Core Daily
Mindset
Shift Your Focus
Pick one: The easy overhead. The sitting volley. The forehand into the empty court. You missed one of them at some point, and with that went the game. Rather than erasing it from your memory, you’re endlessly replaying the shanks in your head. Before the match gets totally out of reach, try the following steps to not only reverse, but also regain your momentum.
1. Tie Your Shoes
It’s an action that needs immediate attention, and it’ll pull you back into the present and shift your mind off of what you can’t change. “It puts blinders on you. It gets you back into the now,” says John Whitlinger, Stanford University men’s head tennis coach.
2. Move Your Feet
Focus on pushing off harder, making your cuts a little sharper, and getting to the ball a little quicker. When you’re frustrated, the first thing that stops is your feet. When your body is engaged, your mind will follow. “You’ll stay in the game,” says David da Silva, mental conditioning director at Evert Tennis Academy.
3. Key on the First Point
If you win that, his momentum is erased and you’re back into the match. Stay with strong, high-percentage shots to tell your opponent that you’re not shaken, and avoid hitting drop shots. Unless it’s for an obvious winner, they change your entire hitting pace, making you less aggressive, and if they’re not struck well, they’re an easy putaway, da Silva says.

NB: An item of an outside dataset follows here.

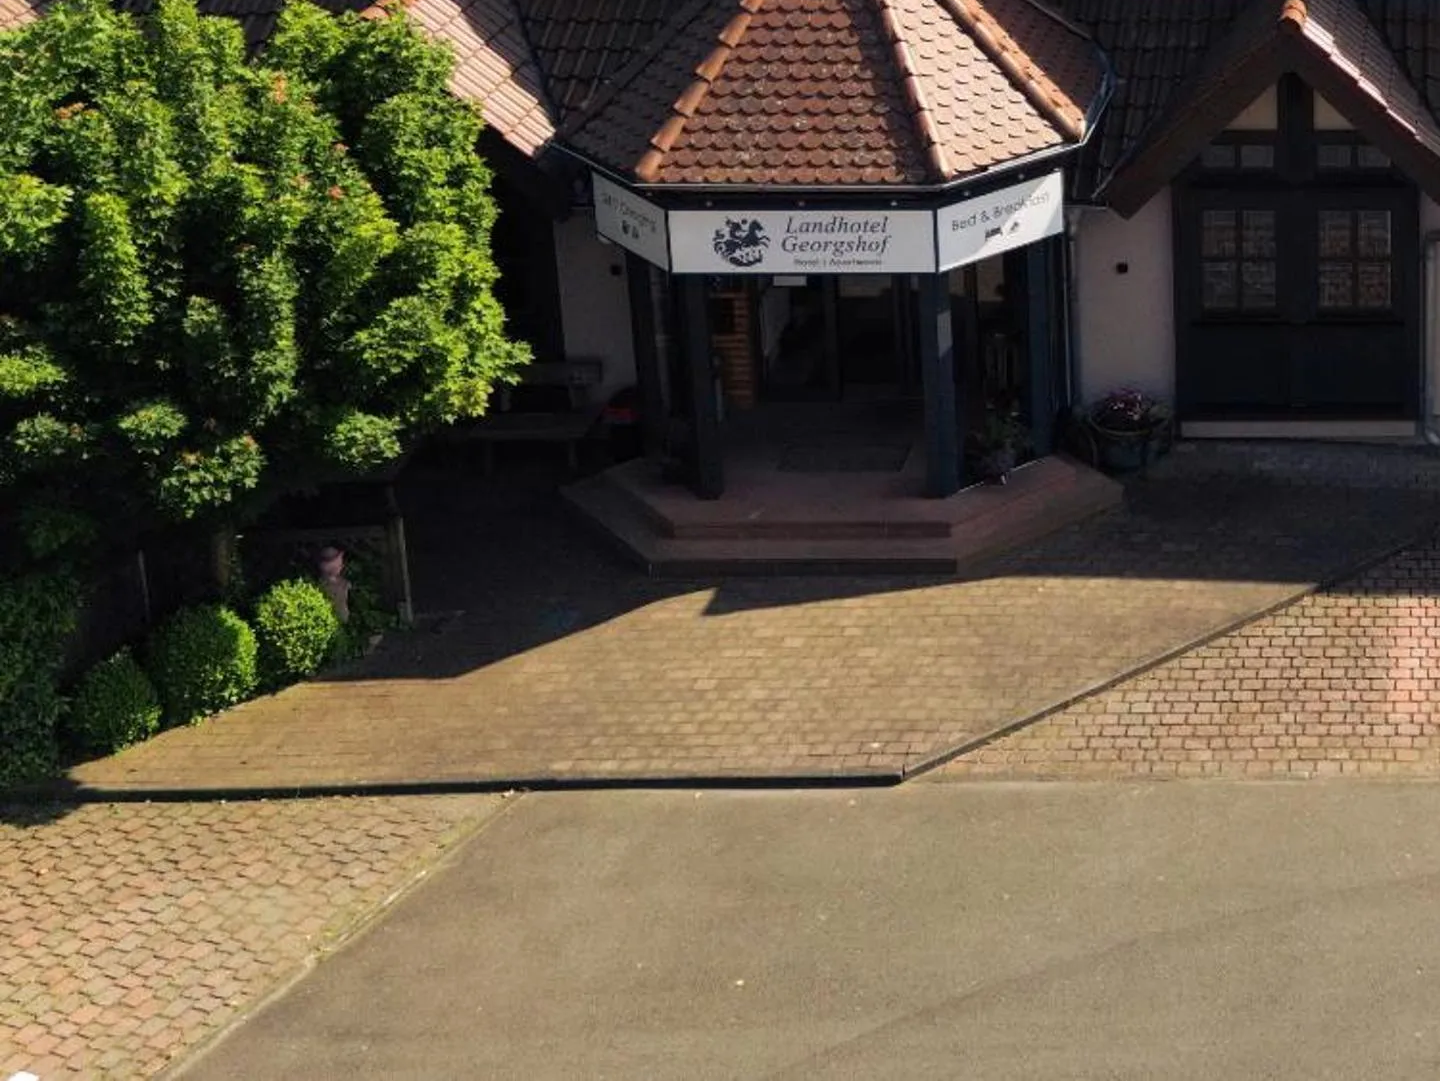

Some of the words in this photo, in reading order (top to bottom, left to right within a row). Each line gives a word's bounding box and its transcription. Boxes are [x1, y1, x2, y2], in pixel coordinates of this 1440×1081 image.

4. Know the Essential Moments
While you’d like to win every point, anytime that you have the chance to win the game or get to ad – 40-love, 30-love, 30-all – you want to up your focus, staying controlled but aggressive, remaining patient, and setting up points to play to your strengths. “It’s not a throwaway point. You can take your opponent’s legs out from under him,” da Silva says.